Republican presidential candidate, former Massachusetts Gov. Mitt Romney shakes hands with supporters at Charlotte Pipe and Foundry Company in Charlotte, N.C., Friday, May 11, 2012. Image by Jae C. Hong / AP
LYNCHBURG, Va. — As Liberty University prepares to welcome the first major-party Mormon nominee to its campus on Saturday, a senior Mitt Romney adviser told reporters not to expect him to talk about his faith.
“This isn’t a speech about Mormonism,” said the adviser during a background press briefing. “The Governor gave a speech about his own faith back at Texas A&M in 2007… He will talk about the big picture of how our Judeo-Christian tradition includes such values as religious freedom. He’ll also talk about how trusting in God makes for a good life. But it is not a speech about Mormonism, per se.”
Instead, said the adviser, Romney will deliver a more traditional commencement speech, offering advice to the graduating class, sharing personal stories, and hit on common conservative themes including “commitment to family,” “personal responsibility,” and “the dignity of work.”
He will also address, “The fact that marriage is an enduring institution that deserves to be defended,” the adviser said.
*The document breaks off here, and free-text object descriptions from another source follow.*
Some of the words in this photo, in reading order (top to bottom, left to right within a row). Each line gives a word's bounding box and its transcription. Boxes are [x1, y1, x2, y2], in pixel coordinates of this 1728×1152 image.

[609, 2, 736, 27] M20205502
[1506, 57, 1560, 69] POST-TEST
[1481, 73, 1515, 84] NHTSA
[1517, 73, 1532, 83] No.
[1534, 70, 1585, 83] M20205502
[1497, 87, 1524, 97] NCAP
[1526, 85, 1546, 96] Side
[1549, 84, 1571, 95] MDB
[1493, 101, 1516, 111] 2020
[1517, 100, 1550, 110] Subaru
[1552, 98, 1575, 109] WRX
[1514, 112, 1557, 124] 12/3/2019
Many expected Romney to use his speech at Liberty U — the nation’s largest evangelical Christian college — as an opportunity to address voters’ concerns about his unfamiliar faith. Romney struggled throughout the Republican primary to woo Evangelicals, even as the rest of the party began to fall in line toward the end of the process.
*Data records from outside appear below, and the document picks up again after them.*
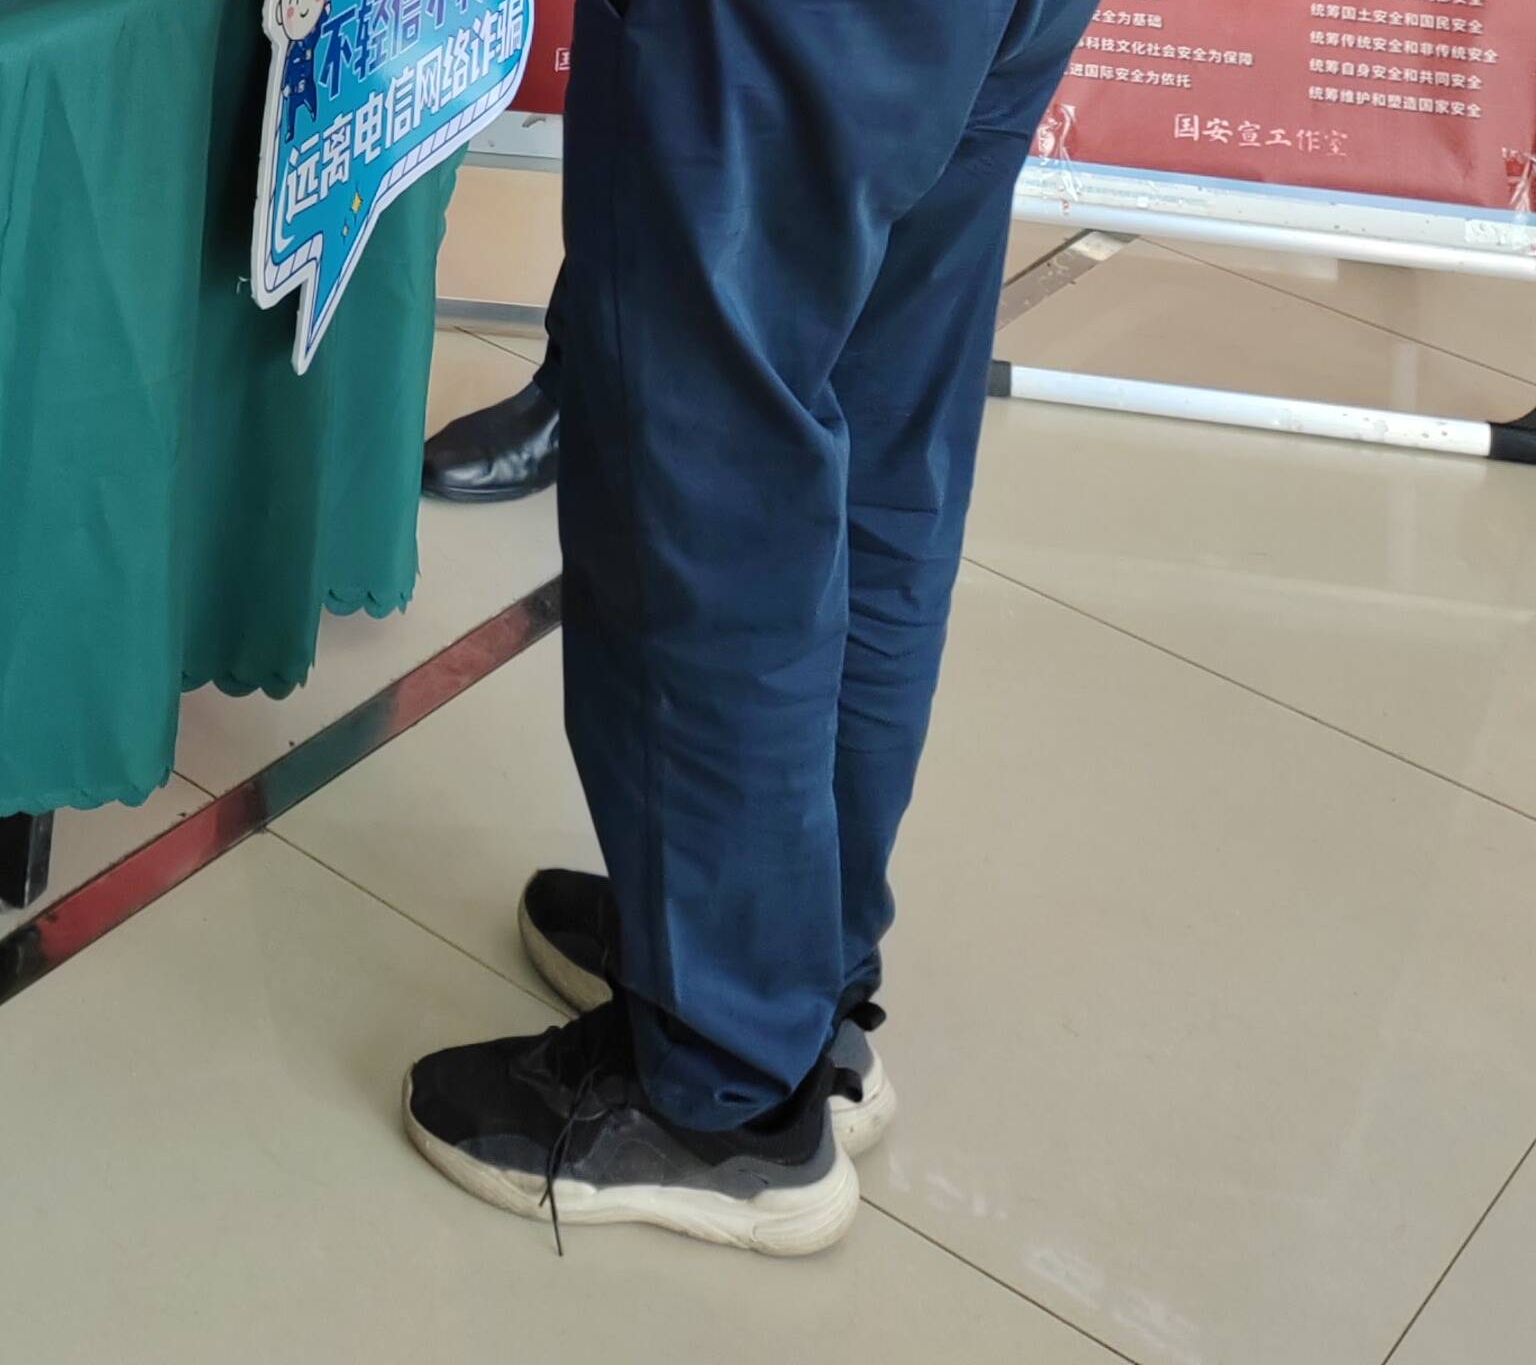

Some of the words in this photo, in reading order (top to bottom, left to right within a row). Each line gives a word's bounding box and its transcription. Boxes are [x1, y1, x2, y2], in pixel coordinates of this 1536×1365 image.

[1310, 3, 1484, 35] 统筹国土安全和国民安全
[1309, 30, 1499, 64] 统筹传统安全和非传统安全
[1064, 63, 1192, 89] 进国际安全为依托
[1308, 57, 1483, 90] 统筹自身安全和共同安全
[1308, 85, 1482, 119] 统筹维护和塑造国家安全
[1174, 113, 1349, 157] 国安宣工作室
Even now, concerns linger. When Romney’s scheduled commencement address was made public, some Liberty students pledged to forego the graduation ceremony in protest, arguing that Romney’s church was a “cult.” And as BuzzFeed reported earlier today, even those students who are supportive of the Republican’s visit have serious qualms about his religion.
But in refusing to wade into a discussion about his faith, the Romney campaign is sticking closely to its 2012 playbook: No matter the setting, no matter the audience, avoid the Mormon question at all costs. The bet is that conservative Christians, when faced with the prospect of four more years of President Obama, will hold their noses and vote for a “cultist.”
Besides, there’s probably nothing Romney could say in a commencement speech that would undo the firmly entrenched belief here that the Mormon candidate is “unsaved.”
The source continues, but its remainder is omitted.